Update: Thanks to the new Qualified Mortgage rule, most mortgages have a maximum back-end DTI ratio of 43%. There is a temporary exemption for many loans, but a lot of lenders still want this number to be under 43%!

Let’s look at a basic example of debt-to-income ratio:

$120,000 annual gross income as reported on your tax returns/pay stubs

  • Monthly liabilities: $3,500
  • Monthly gross income: $10,000
  • 35% debt-to-income ratio

In this example, your debt-to-income ratio would be 35% ($3,500/$10,000).

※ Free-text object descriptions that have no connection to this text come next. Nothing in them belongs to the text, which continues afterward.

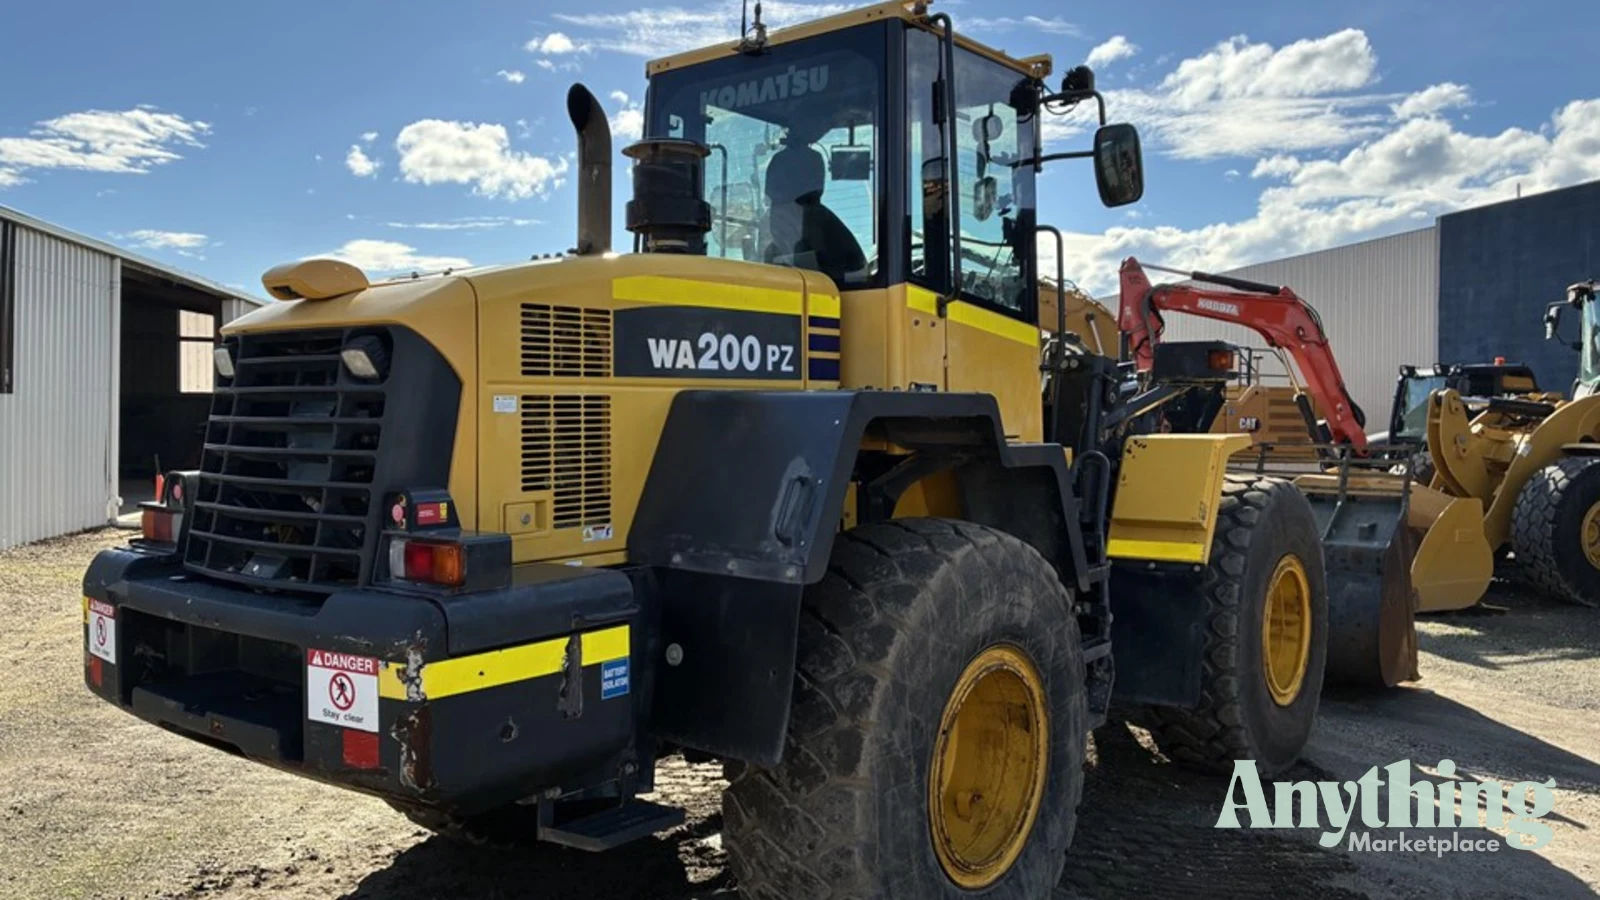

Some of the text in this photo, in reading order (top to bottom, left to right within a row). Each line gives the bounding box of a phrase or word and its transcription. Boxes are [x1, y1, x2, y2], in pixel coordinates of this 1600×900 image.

[700, 64, 829, 110] KOMATSU
[1239, 417, 1257, 430] CAT
[324, 652, 374, 673] DANGER
[322, 708, 364, 724] Stay clear
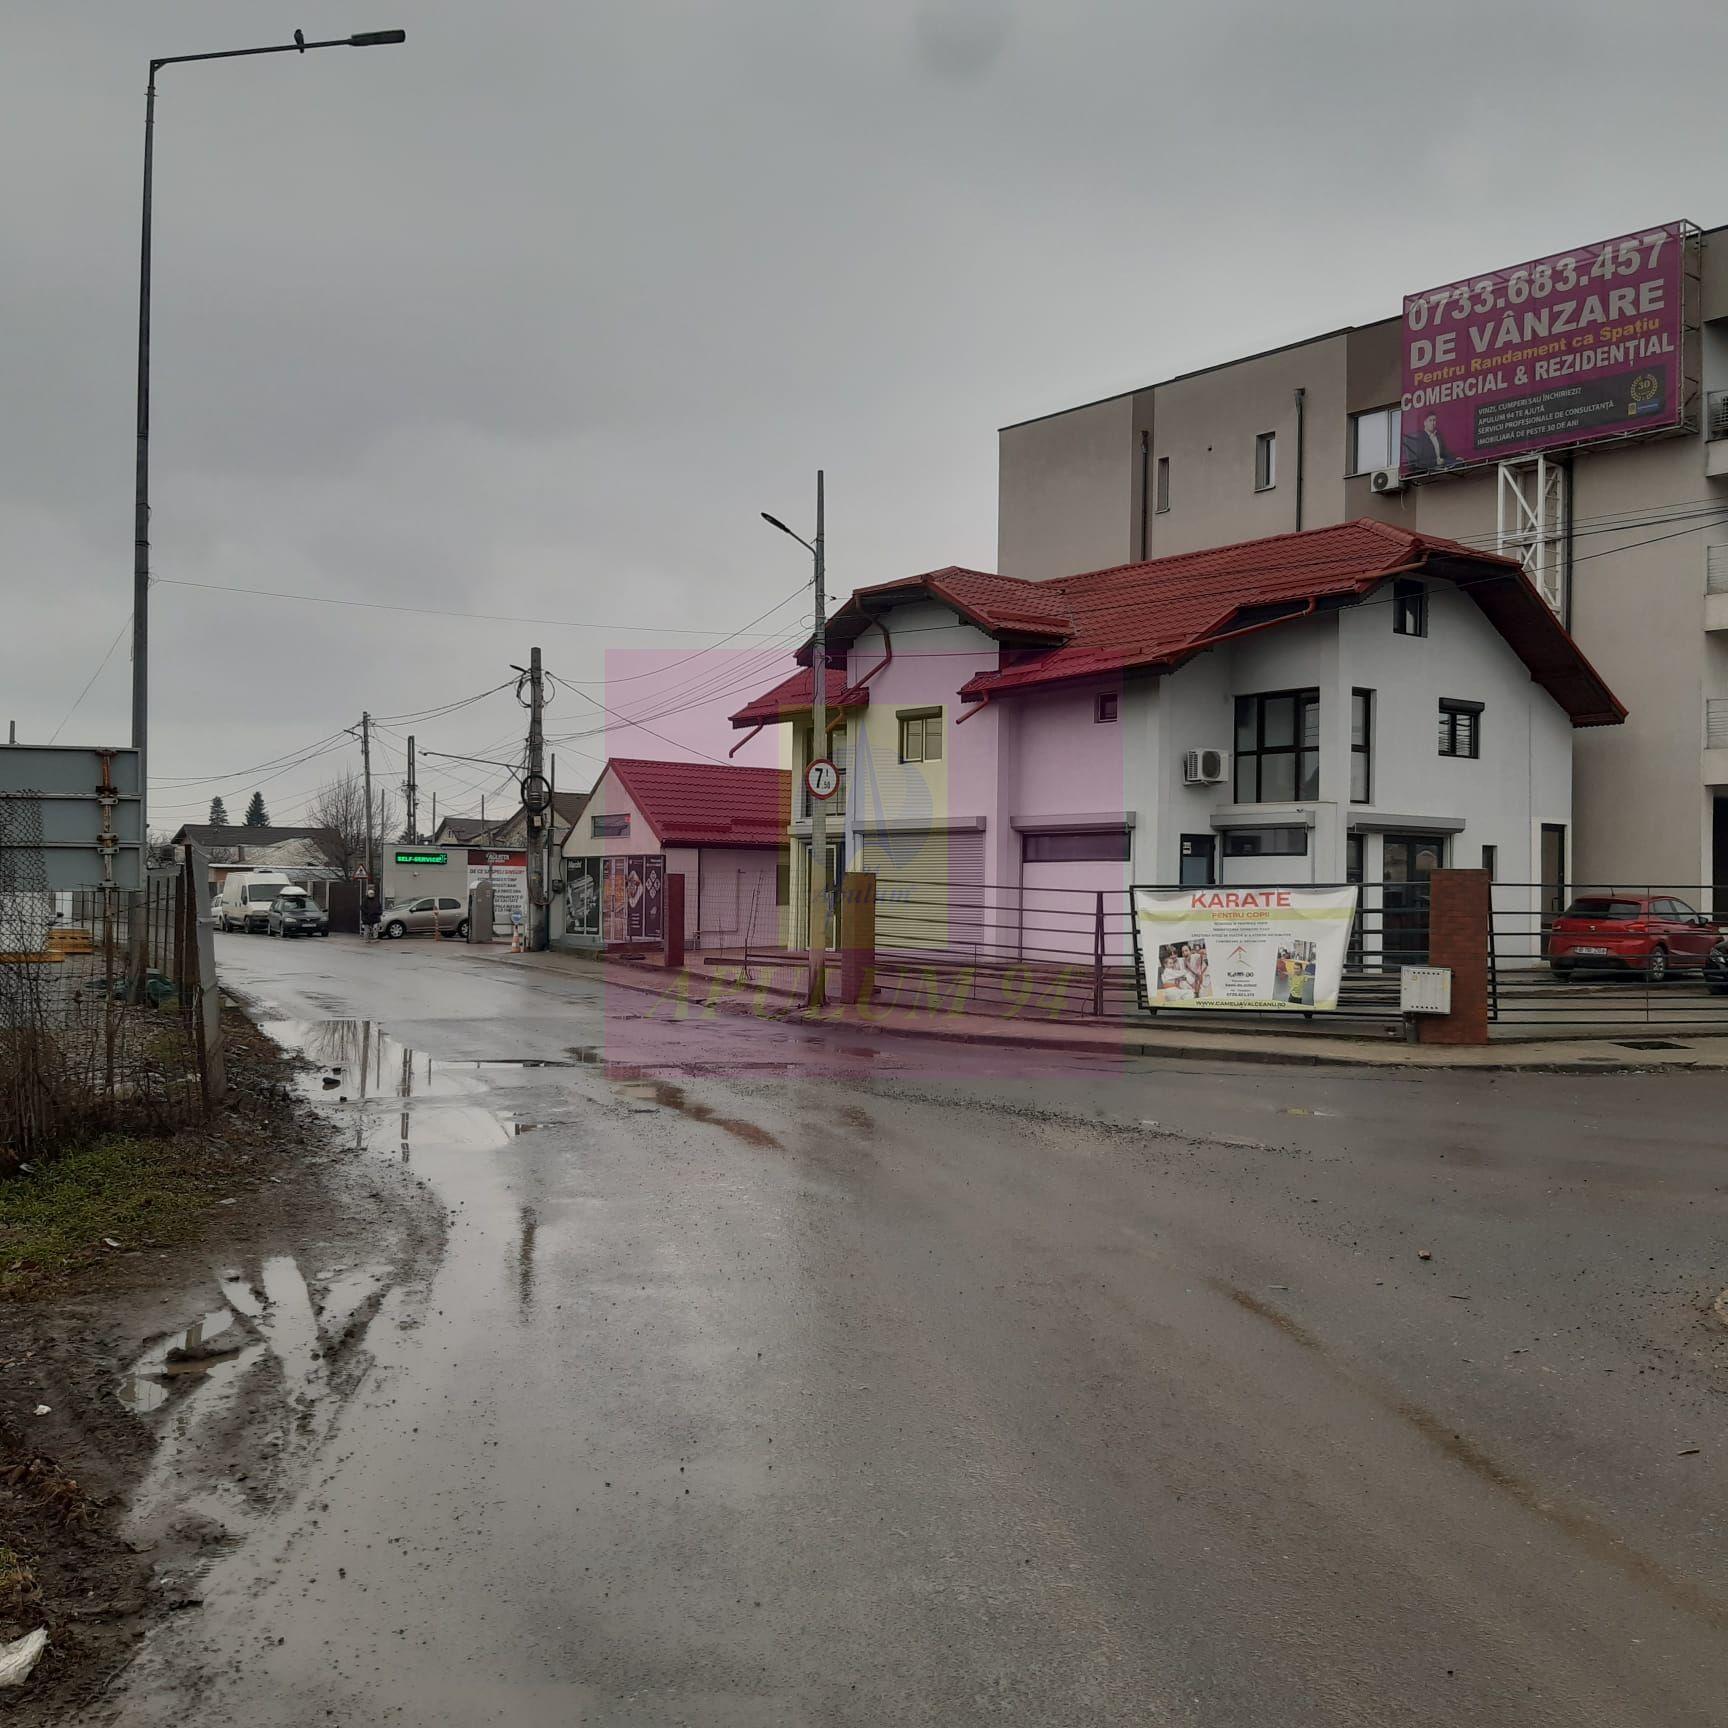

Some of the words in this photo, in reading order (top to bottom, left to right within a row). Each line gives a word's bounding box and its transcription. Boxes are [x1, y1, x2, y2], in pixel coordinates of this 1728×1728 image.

[1408, 232, 1667, 331] 0733.683.457
[1410, 332, 1456, 370] DE
[1469, 278, 1665, 353] VÂNZARE
[1414, 363, 1465, 386] Pentru
[1470, 338, 1567, 372] Randament
[1572, 333, 1594, 348] ca
[1401, 373, 1508, 411] COMERCIAL
[1514, 364, 1528, 386] &
[1535, 333, 1674, 383] REZIDENȚIAL
[1478, 413, 1505, 425] APULUM
[1504, 413, 1553, 429] PROFESIONALE
[1554, 411, 1564, 419] DE
[1526, 425, 1545, 436] PESTE
[1557, 421, 1565, 430] DE
[1566, 418, 1579, 428] ANI
[815, 768, 823, 788] 7
[1191, 891, 1291, 908] KARATE
[1212, 911, 1244, 919] PENTRU
[1246, 911, 1270, 919] COPII

However, the debt-to-income ratio goes into greater detail and comes up with two separate percentages, one for all of your monthly liabilities divided by income (back-end DTI ratio), and one for just your proposed monthly housing payment (including taxes and insurance) divided by income (front-end DTI ratio).

Front-End and Back-End Debt-to-Income Ratios

So in the above example, if your proposed monthly housing payment makes up $2,000 of your $3,500 in monthly liabilities, your front-end DTI ratio would be 20%, and your back-end DTI ratio would be 35%. Many banks and lenders require both numbers to fall under a certain percentage, though the back-end DTI ratio is more important.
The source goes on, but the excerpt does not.